3.2 Exercise Price. The "Exercise Price" of each Option and SAR granted under this Section 3 shall be established by the Committee or shall be determined by a method established by the Committee at the time the Option or SAR is granted; except that the Exercise Price shall not be less than 100% of the Fair Market Value of a share of Stock on the date of grant (or, if greater, the par value of a share of Stock).


3.3 Exercise. An Option and an SAR shall be exercisable in accordance with such terms and conditions and during such periods as may be established by the Committee.

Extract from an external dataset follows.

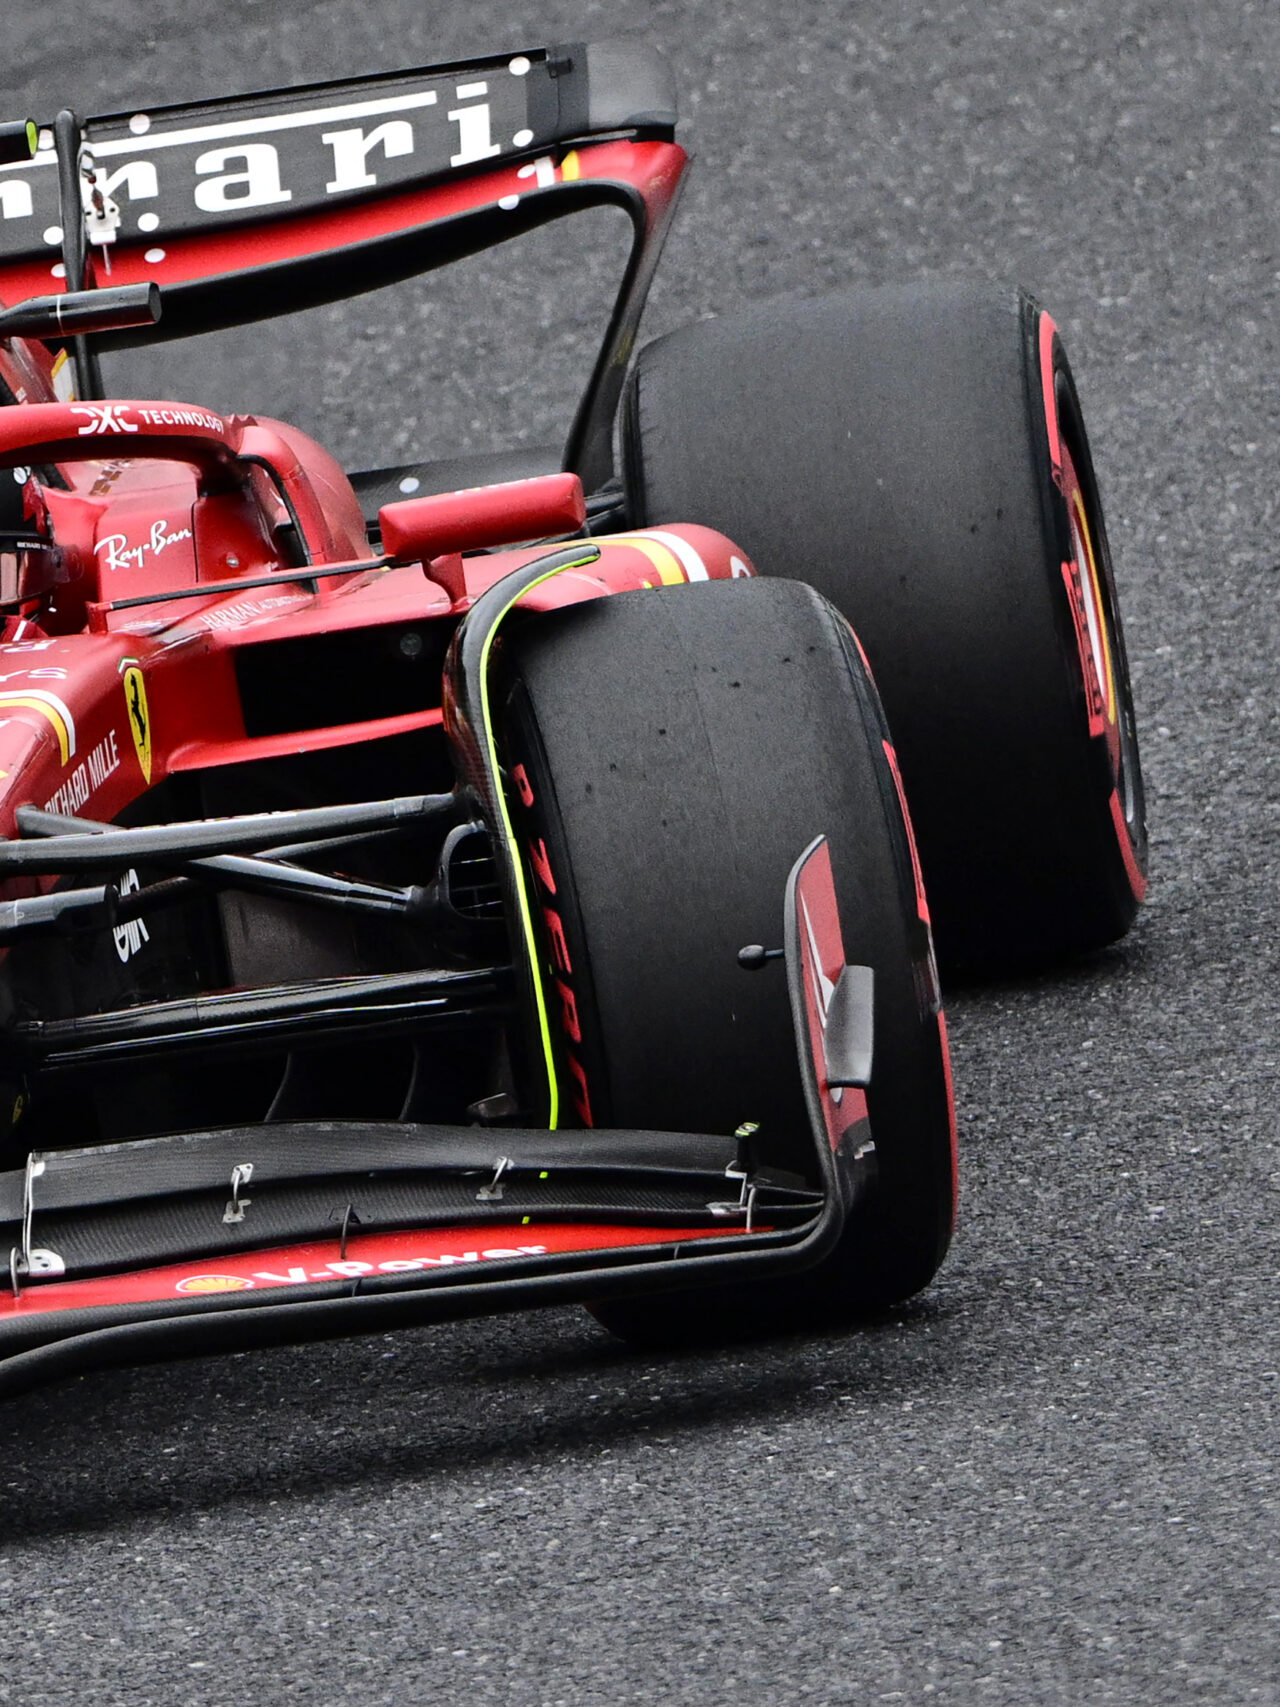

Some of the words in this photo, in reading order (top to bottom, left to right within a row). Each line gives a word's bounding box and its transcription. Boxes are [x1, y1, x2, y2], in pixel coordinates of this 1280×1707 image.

3.4 Payment of Option Exercise Price. The payment of the Exercise Price of an Option granted under this Section 3 shall be subject to the following:


(a) Subject to the following provisions of this subsection 3.4, the full
Exercise Price for shares of Stock purchased upon the exercise of any
Option shall be paid at the time of such exercise (except that, in the case
of an exercise arrangement approved by the Committee and described in
paragraph 3.4(c), payment may be made as soon as practicable after the
exercise).


(b) The Exercise Price shall be payable in cash or by tendering, by either
actual delivery of shares or by attestation, shares of Stock acceptable to
the Committee, and valued at Fair Market Value as of the day of exercise,
or in any combination thereof, as determined by the Committee.


(c) The Committee may permit a Participant to elect to pay the Exercise Price
upon the exercise of an Option by irrevocably authorizing a third party to
sell shares of Stock (or a sufficient portion of the shares) acquired upon
exercise of the Option and remit to the Company a sufficient portion of the
sale proceeds to pay the entire Exercise Price and any tax withholding
resulting from such exercise.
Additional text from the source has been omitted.